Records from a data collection
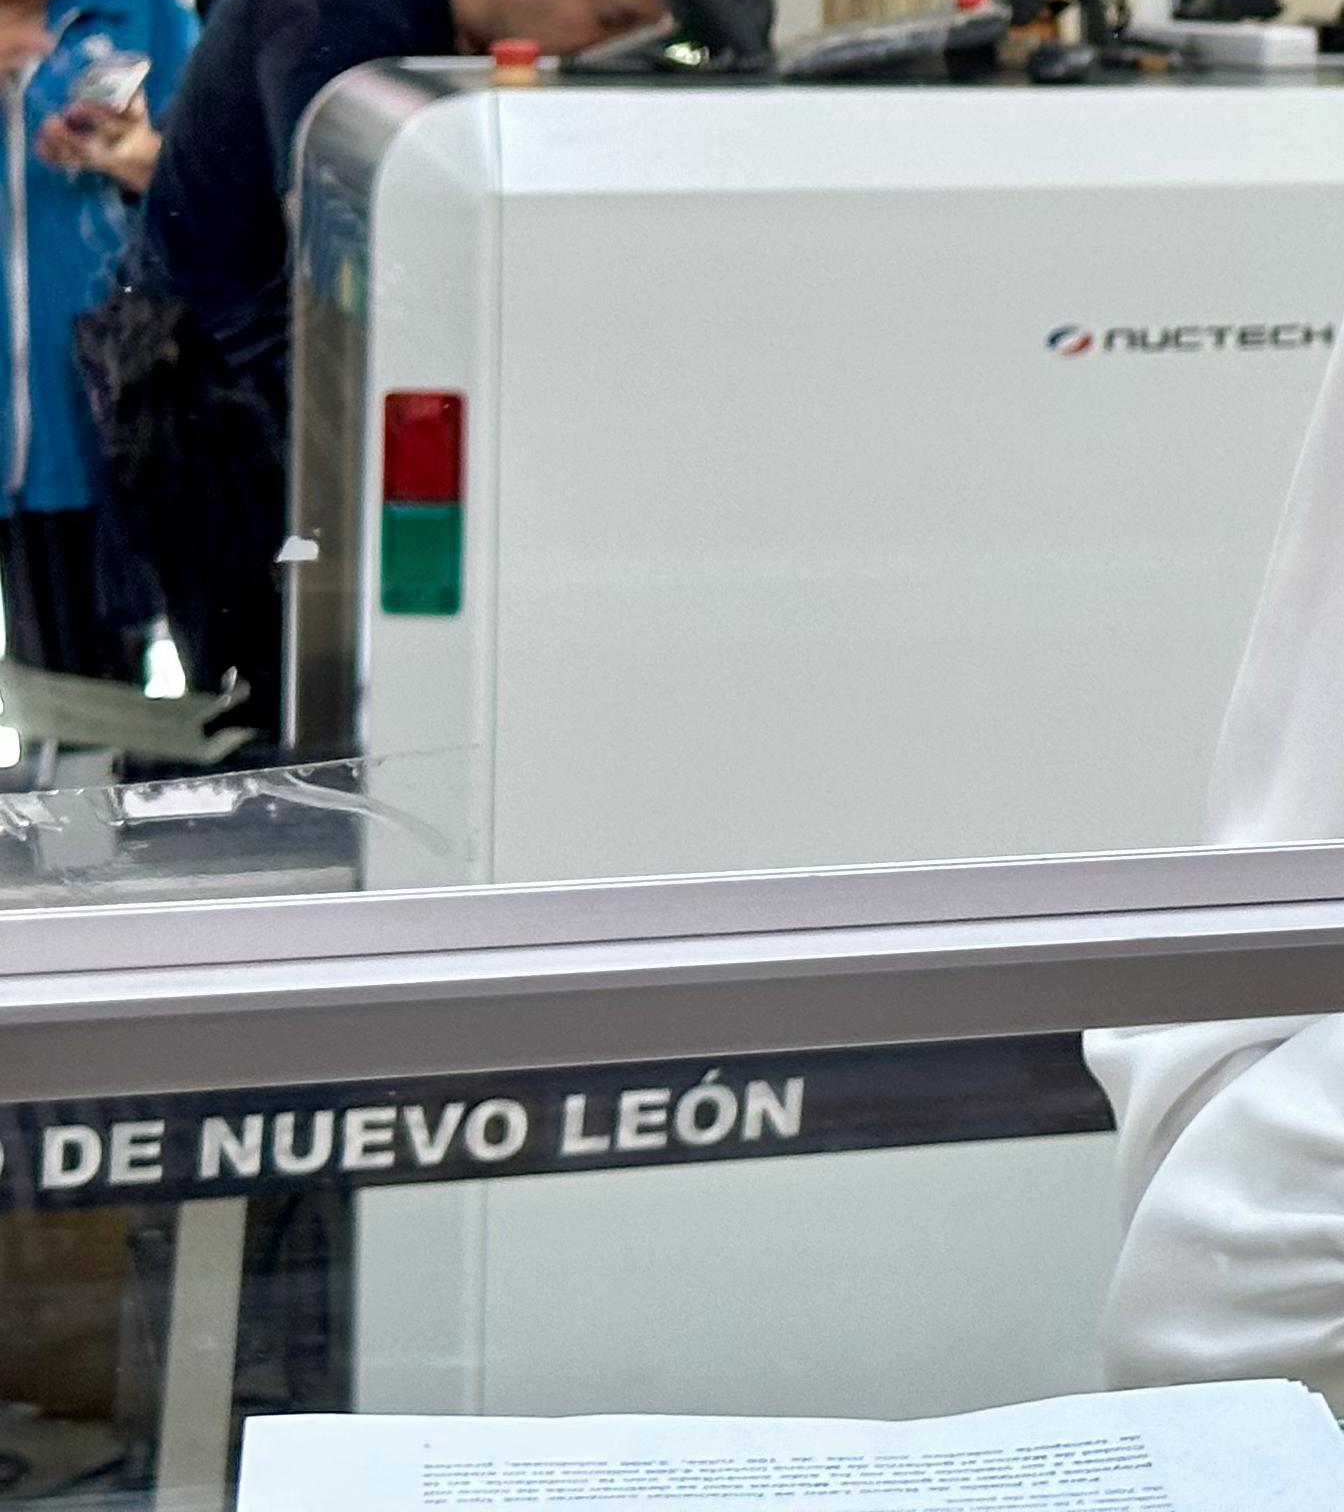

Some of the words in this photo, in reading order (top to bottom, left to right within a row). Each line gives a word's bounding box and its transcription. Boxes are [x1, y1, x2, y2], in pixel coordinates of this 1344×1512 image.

[1104, 324, 1334, 351] NUCTECH
[41, 1120, 164, 1190] DE
[197, 1097, 528, 1182] NUEVO
[560, 1068, 806, 1158] LEÓN
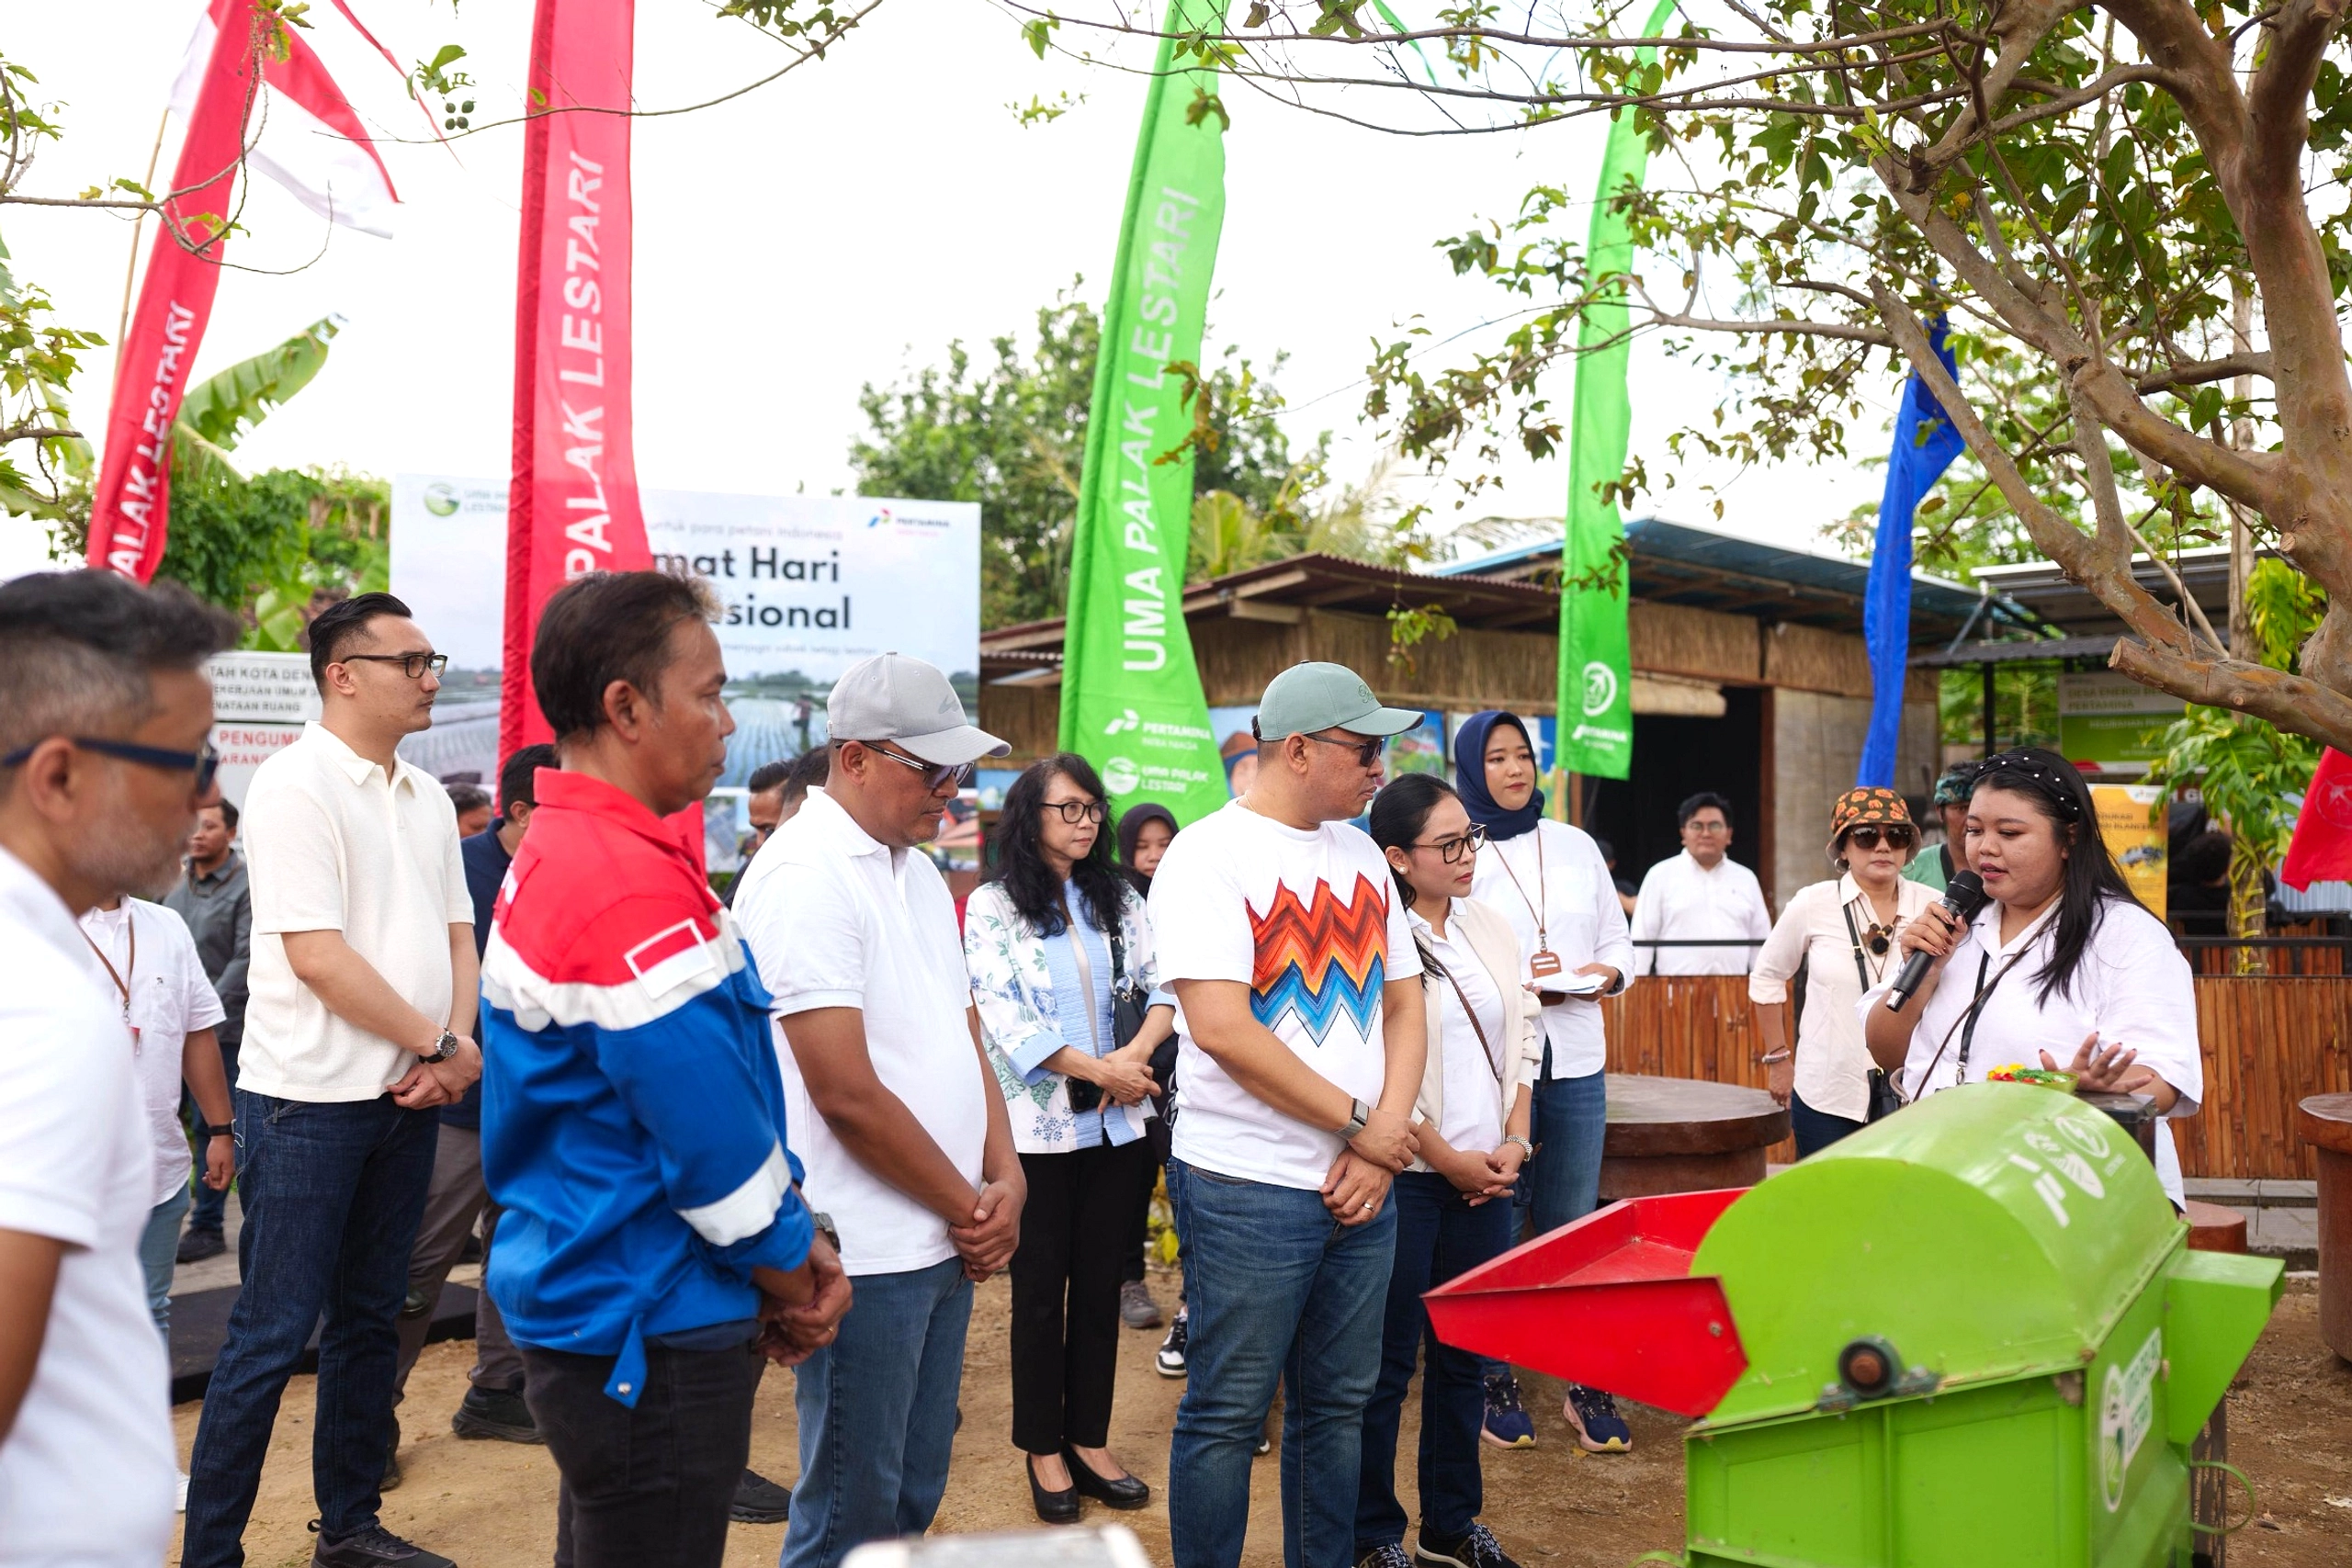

**Exercise**
The records above must be repeated exactly, minus their pictures.

**Output for this task**
Some of the words in this photo, in reading order (top to bottom, left to right within a row). Each line gives a word's bounding box and its transcription. Boxes are [x1, y1, x2, y2], in pixel coordinates of this 1344×1512 image.

[1104, 324, 1334, 351] NUCTECH
[41, 1120, 164, 1190] DE
[197, 1097, 528, 1182] NUEVO
[560, 1068, 806, 1158] LEÓN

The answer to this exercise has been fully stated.